Il colosso automobilistico tedesco sta vivendo la fase più critica della crisi dell’offerta dei chip. “Stiamo affrontando le sei settimane più difficili”, ha dichiarato Murat Aksel, direttore degli acquisti del gruppo VW.

Tuttavia, la crisi dell’offerta dei chip si fa sentire non soltanto nel settore automobilistico ma sta avendo impatti a livello mondiale, qui un approfondimento sul tema e sui fattori determinanti.

A causa della difficile situazione dell’offerta, Volkswagen amplierà il proprio stoccaggio di chip. “La sicurezza dell’approvvigionamento è uno dei nostri compiti più importanti. Per me vale il principio: nessun componente, nessuna macchina, niente soldi”, ha sottolineato Aksel.

E questo non vale solo per i chip. Ecco perché Volkswagen sta attualmente esaminando “tutti i modelli componente per componente” e classificando il rischio di fornitura.

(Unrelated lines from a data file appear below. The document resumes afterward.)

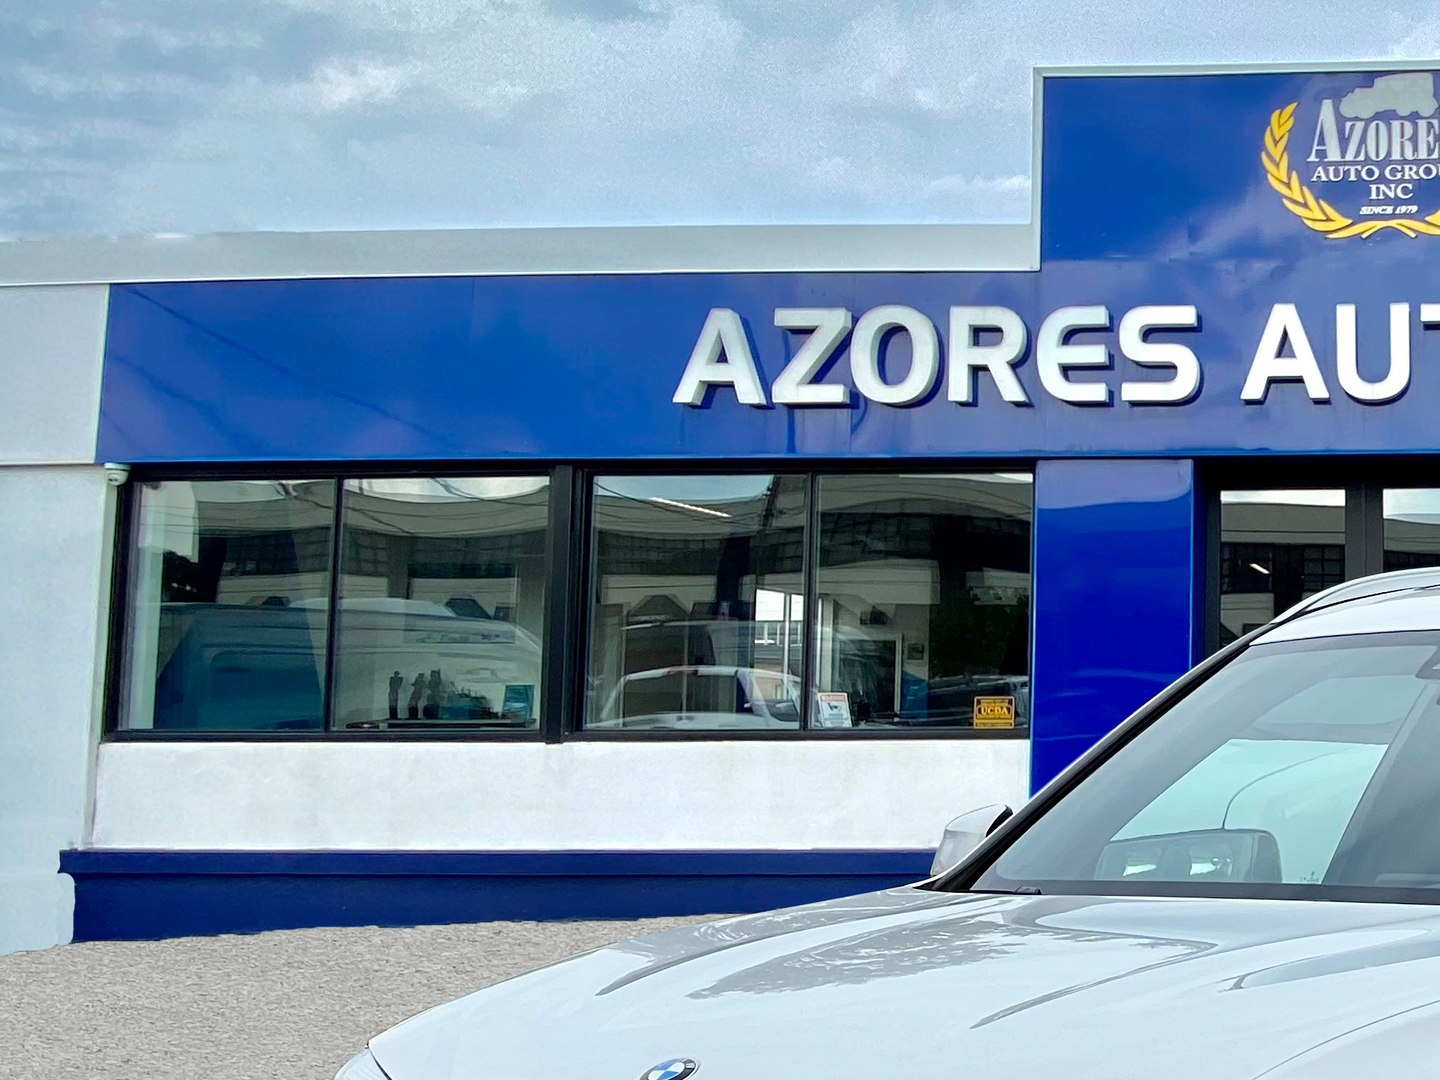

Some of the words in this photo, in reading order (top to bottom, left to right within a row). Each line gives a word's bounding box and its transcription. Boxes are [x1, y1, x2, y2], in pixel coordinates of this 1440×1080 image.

[1311, 164, 1380, 182] AUTO
[1369, 183, 1414, 200] INC
[1359, 205, 1394, 215] SINCE
[1394, 205, 1418, 214] 1979
[672, 303, 1200, 405] AZORES
[981, 706, 1008, 715] UCDA

Volkswagen intende ridurre i costi dei materiali del 7% entro la fine del prossimo anno ma a causa dell’attuale impennata dei prezzi delle materie prime, il gruppo potrebbe non raggiungere questo obiettivo, ha avvertito Aksel. Il colosso automobilistico sta fondamentalmente cercando una cooperazione più intensa e più strategica e orientata con i fornitori.

 

L’intervista a murat aksel di volkswagen

 

Di seguito riportiamo l’intervista che offre diversi spunti interessanti per comprendere lo stato dell’industria automobilistica.

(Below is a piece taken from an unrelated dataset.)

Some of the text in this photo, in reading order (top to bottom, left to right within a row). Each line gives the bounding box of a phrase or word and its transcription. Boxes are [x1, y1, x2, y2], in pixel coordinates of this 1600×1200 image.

Signor Aksel, la mancanza di chip è attualmente il suo problema più grande. Come descriverebbe la situazione?

Attualmente c’è un grande divario tra domanda e offerta di chip. Ciò non riguarda solo le case automobilistiche, ma anche i produttori di smartphone, computer e console di gioco. In ogni settore manca circa il 10% in tutto il mondo. Occorrono fino a due anni prima che si possano creare nuove capacità produttive.